Images for object localization:
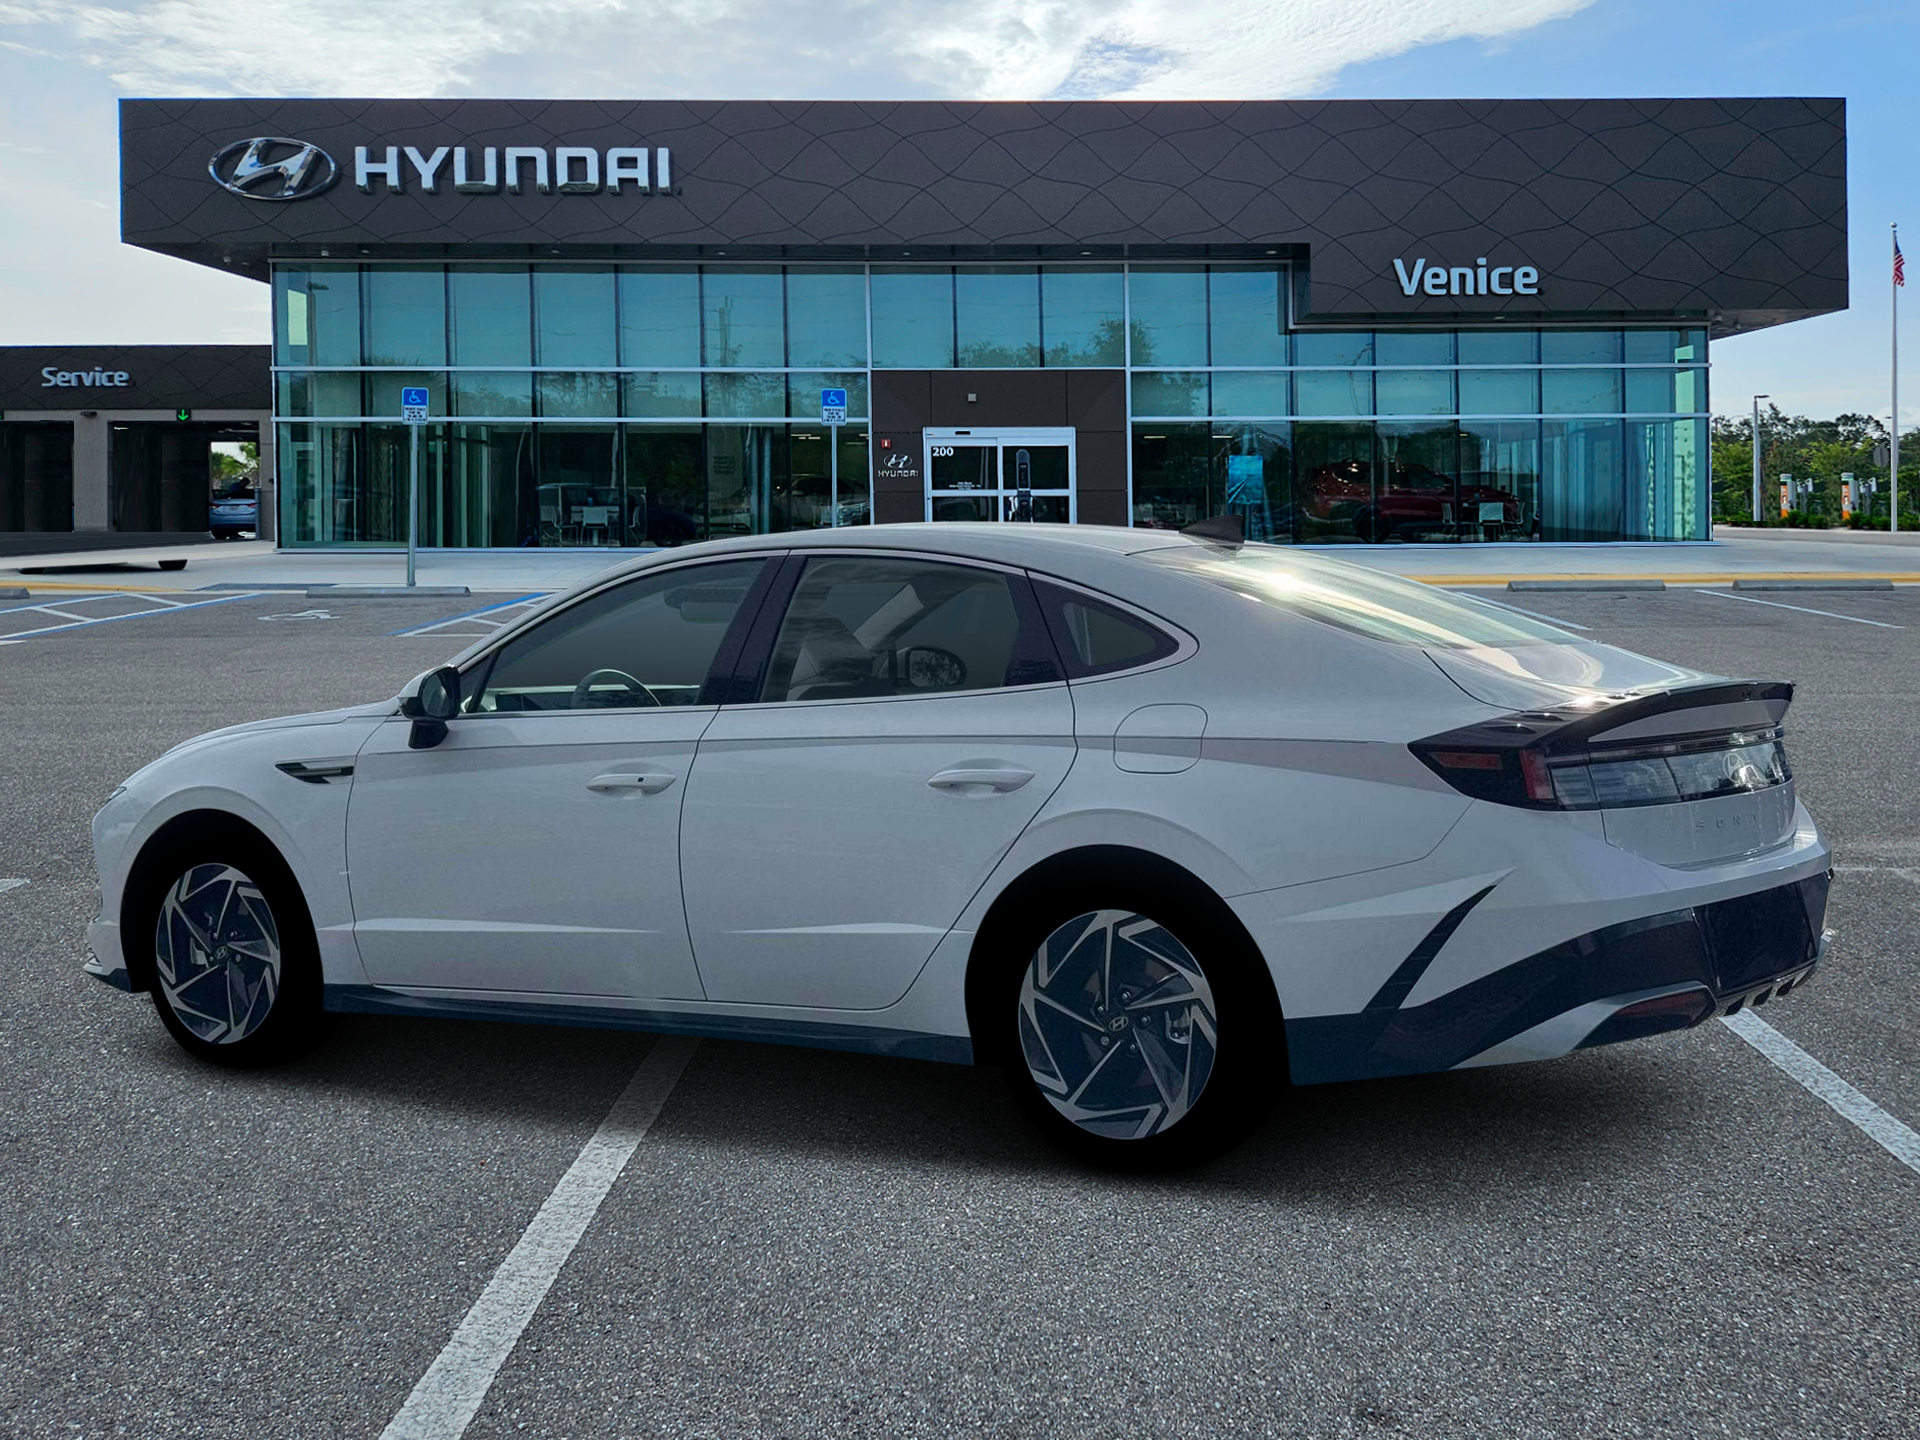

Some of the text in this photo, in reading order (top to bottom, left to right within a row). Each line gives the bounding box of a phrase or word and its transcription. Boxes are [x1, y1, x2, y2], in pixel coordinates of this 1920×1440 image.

[354, 146, 671, 195] HYUNDAI
[1392, 256, 1539, 296] Venice
[41, 366, 130, 387] Service
[932, 446, 954, 457] 200
[877, 469, 919, 478] HYUNDAI

### What is being asked
Each line above is to be duplicated exactly, and the pictures are to be omitted.

### Output for this exercise
Some of the text in this photo, in reading order (top to bottom, left to right within a row). Each line gives the bounding box of a phrase or word and its transcription. Boxes are [x1, y1, x2, y2], in pixel coordinates of this 1920×1440 image.

[354, 146, 671, 195] HYUNDAI
[1392, 256, 1539, 296] Venice
[41, 366, 130, 387] Service
[932, 446, 954, 457] 200
[877, 469, 919, 478] HYUNDAI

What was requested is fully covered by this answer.